Welcome!
This open source, reproducible set of vignettes accompanies the short course “Targeted Learning: Bridging Machine Learning with Causal and Statistical Inference,” given as part of the Harvard Catalyst Biostatistics Program in November 2024. The slide deck for this short course is available in PDF here.
The set of vignettes focuses on demonstrating how to apply Targeted Learning
methodology in practice using the tlverse
software
ecosystem, a set of R
packages that provide an
implementation of targeted maximum likelihood (or minimum loss-based)

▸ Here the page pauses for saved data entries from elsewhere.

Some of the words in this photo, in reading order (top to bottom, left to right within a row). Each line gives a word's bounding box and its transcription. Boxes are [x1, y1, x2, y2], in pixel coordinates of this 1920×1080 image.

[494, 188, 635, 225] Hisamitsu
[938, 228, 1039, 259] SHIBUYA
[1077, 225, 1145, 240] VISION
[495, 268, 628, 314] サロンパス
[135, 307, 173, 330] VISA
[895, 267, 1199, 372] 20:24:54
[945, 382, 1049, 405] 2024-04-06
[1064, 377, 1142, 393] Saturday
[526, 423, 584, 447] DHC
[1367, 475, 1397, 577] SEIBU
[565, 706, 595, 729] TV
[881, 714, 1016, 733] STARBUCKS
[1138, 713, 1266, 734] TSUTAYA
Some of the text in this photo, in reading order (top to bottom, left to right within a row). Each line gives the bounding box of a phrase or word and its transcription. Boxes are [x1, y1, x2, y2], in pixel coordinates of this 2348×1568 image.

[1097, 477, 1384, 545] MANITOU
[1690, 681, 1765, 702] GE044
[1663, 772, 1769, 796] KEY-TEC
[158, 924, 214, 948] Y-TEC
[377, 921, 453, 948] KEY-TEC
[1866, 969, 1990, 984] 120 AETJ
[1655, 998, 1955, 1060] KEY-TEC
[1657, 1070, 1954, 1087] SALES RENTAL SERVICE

estimation based on the mathematical underpinnings of the methodology. These
materials are derived from a working draft of the book Targeted Learning in
R
: Causal Data Science with the tlverse
Software
Ecosystem, which includes in-depth
discussion of these topics and much more, and may serve as a useful reference
to accompany these short course materials. Please note that the book is very
much in a draft phase and is made publicly available for comment, not as a
error-free reference. The book is aimed at non-statistician scientists who may
wish to learn about the Targeted Learning framework and apply the ideas using
the tlverse
software suite.
Course description
In fields ranging from public health and medicine to political science and economics, great care is required to disentangle intricate causal relationships using real-world data and inform decision-making efforts. Causal inference has emerged as a methodological framework for translating substantive questions into well-defined causal estimands, expressing identification assumptions necessary for these to be learned from data, and estimating the resultant quantities via standardization (i.e., outcome regression) and inverse probability weighting. However, such progress has failed to keep pace with developments in machine learning; thus, the practice of causal inference is often marred by over-reliance on restrictive modeling practices. The Targeted Learning (TL) paradigm presents a solution to this problem by unifying aspects of semi-parametric statistical theory, machine learning, and causal inference. The result is a methodological toolbox for evaluating causal effects via state-of-the-art estimators that are both robust (to model misspecification) and efficient (minimal variance, i.e., narrowest possible confidence intervals). This short course introduces the TL paradigm, beginning with the guiding philosophy and underlying scientific motivations and going on to discuss estimation algorithms and their practical implementation through open-source software tools (e.g., the TLverse: https://github.com/tlverse), addressing basic theoretical underpinnings along the way. Specific topics to be covered include targeted maximum likelihood estimation (TMLE) and collaborative TMLE (C-TMLE) for confounder selection (and, time permitting, adaptive TMLE (A-TMLE) for hybrid designs that combine experimental and external data); TMLE algorithms to estimate the causal effects of interventions on binary and continuous exposures; complications for addressing time-varying confounding and/or censoring; and incorporating machine learning via the super learner and highly adaptive lasso algorithms. This short course incorporates a mix of case studies, discussion, and hands-on programming exercises to allow participants to build familiarity with techniques and tools that will translate to improvements in real-world data analytic practice.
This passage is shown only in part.